- posted: Aug. 13, 2022
If you have a contested hearing and are scheduled to go before a Superior Court Judge you need to prepare yourself for your testimony. What generally happens in Fayette and Coweta County is that your judge has trial dates for civil cases such as divorces each month. You may be one of many cases scheduled for that day. The Judge announces the calendar and asks the attorneys how long they expect their matter to be. Many judges then hear the quicker matters first. You must be prepared to be in Court all day as you do not know when you will be reached.
Please understand that the Judge and the lawyers understand that you are terrified of having to talk about very personal topics in front of a group of people. Lawyers talk in Court all the time; this hopefully will be your first and last time. These tips will help you nail your testimony.

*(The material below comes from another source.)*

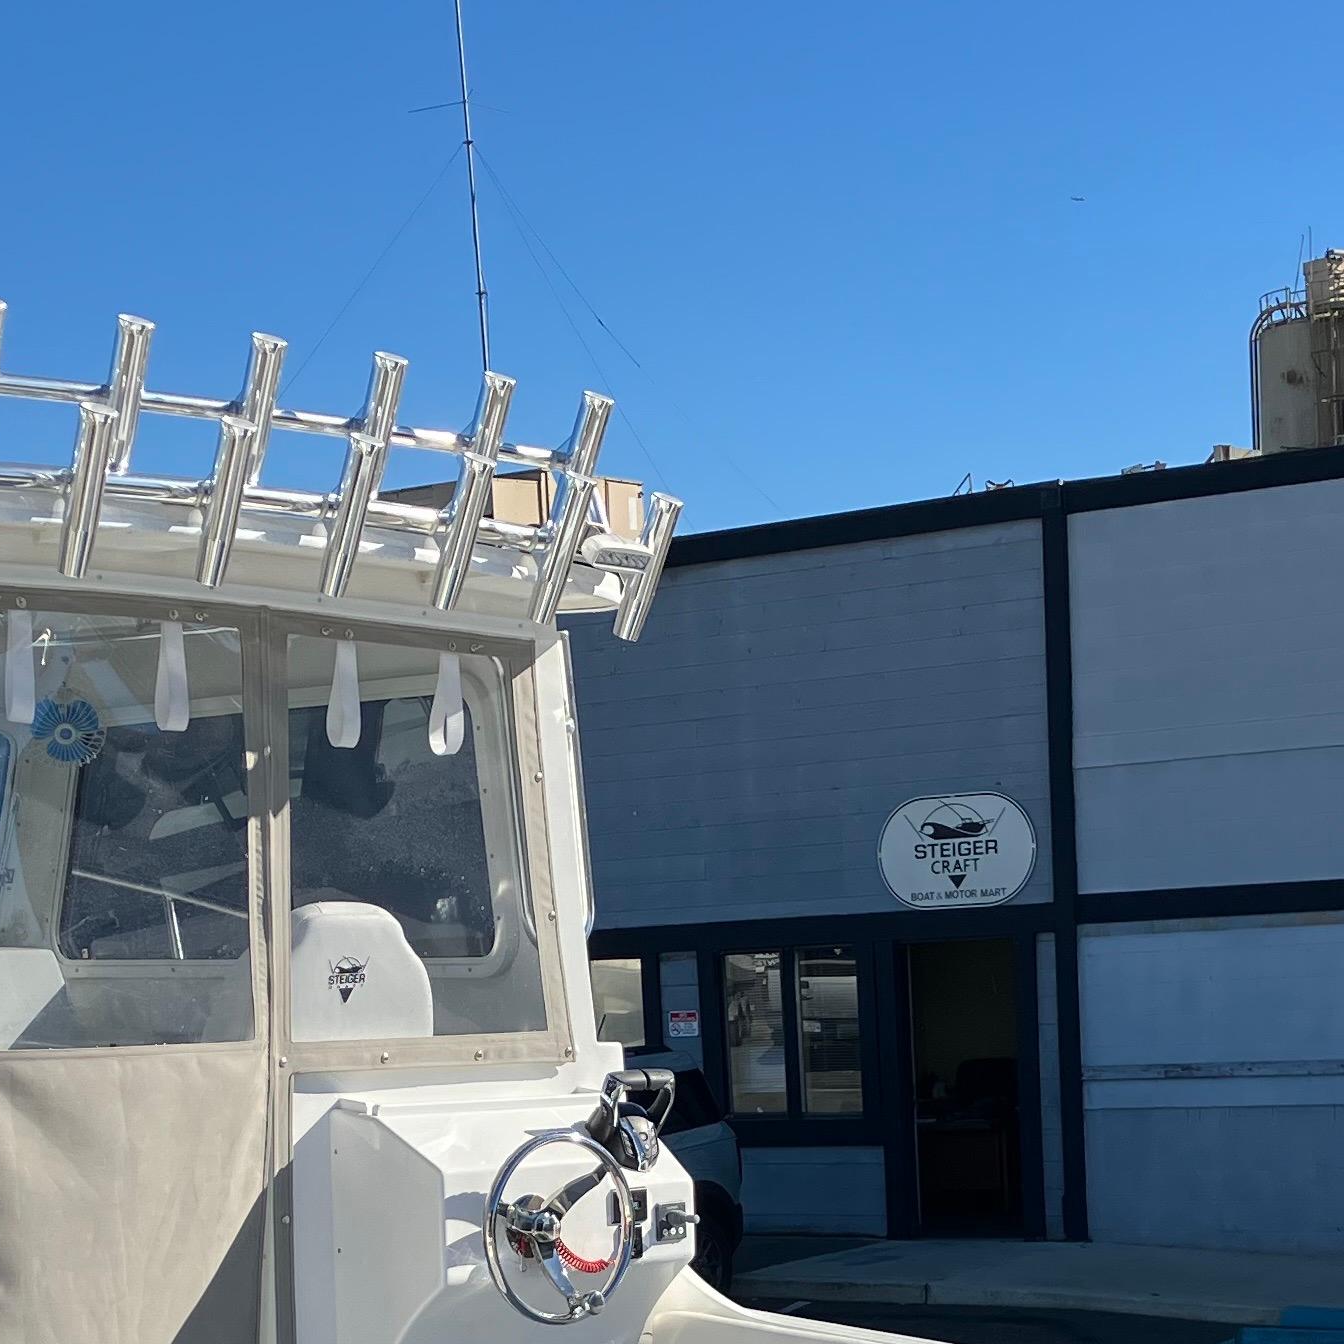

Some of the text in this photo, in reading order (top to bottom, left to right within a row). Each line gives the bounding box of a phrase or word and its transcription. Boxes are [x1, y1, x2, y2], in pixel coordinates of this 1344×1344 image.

1.) Listen. I know you want to unburden yourself of all the awful things going on in your marriage, but your attorney can direct you to present coherent testimony to obtain your goals. If your attorney asks what time your husband dropped off the kids, don’t talk about how irresponsible he is and how he beat the dog. Answer the question asked as clearly as possible.
2.) Don’t argue. Trial attorneys will try to get under your skin to show the judge that you are unhinged. Again, answer the question as clearly as possible, and if you need to explain, go ahead. In other words, if the other attorney asks if it is true that you would not allow visitation last weekend, first say whether it is true or not. You then can explain that you did not allow visitation because your ex showed up drunk. Your attorney will get up and object if the other attorney is being a jerk and the Court will direct him/her to cut it out. I often will not object to an attorney being a jerk to my client if the client is doing well and the testimony is going our way.
3.) Address the Court. Look at the judge when you respond. Again, most communication is non-verbal; connecting with the judge by looking in his/her eyes when responding presents testimony that is real and creates empathy for your situation.
4.) Stop it with the “I don’t recall” defense. If you avoid uncomfortable questions by pretending not to remember, your testimony will be worthless It is OK to say “to the best of my recollection” if you don’t remember all specifics but you will not win by pretending to be stupid.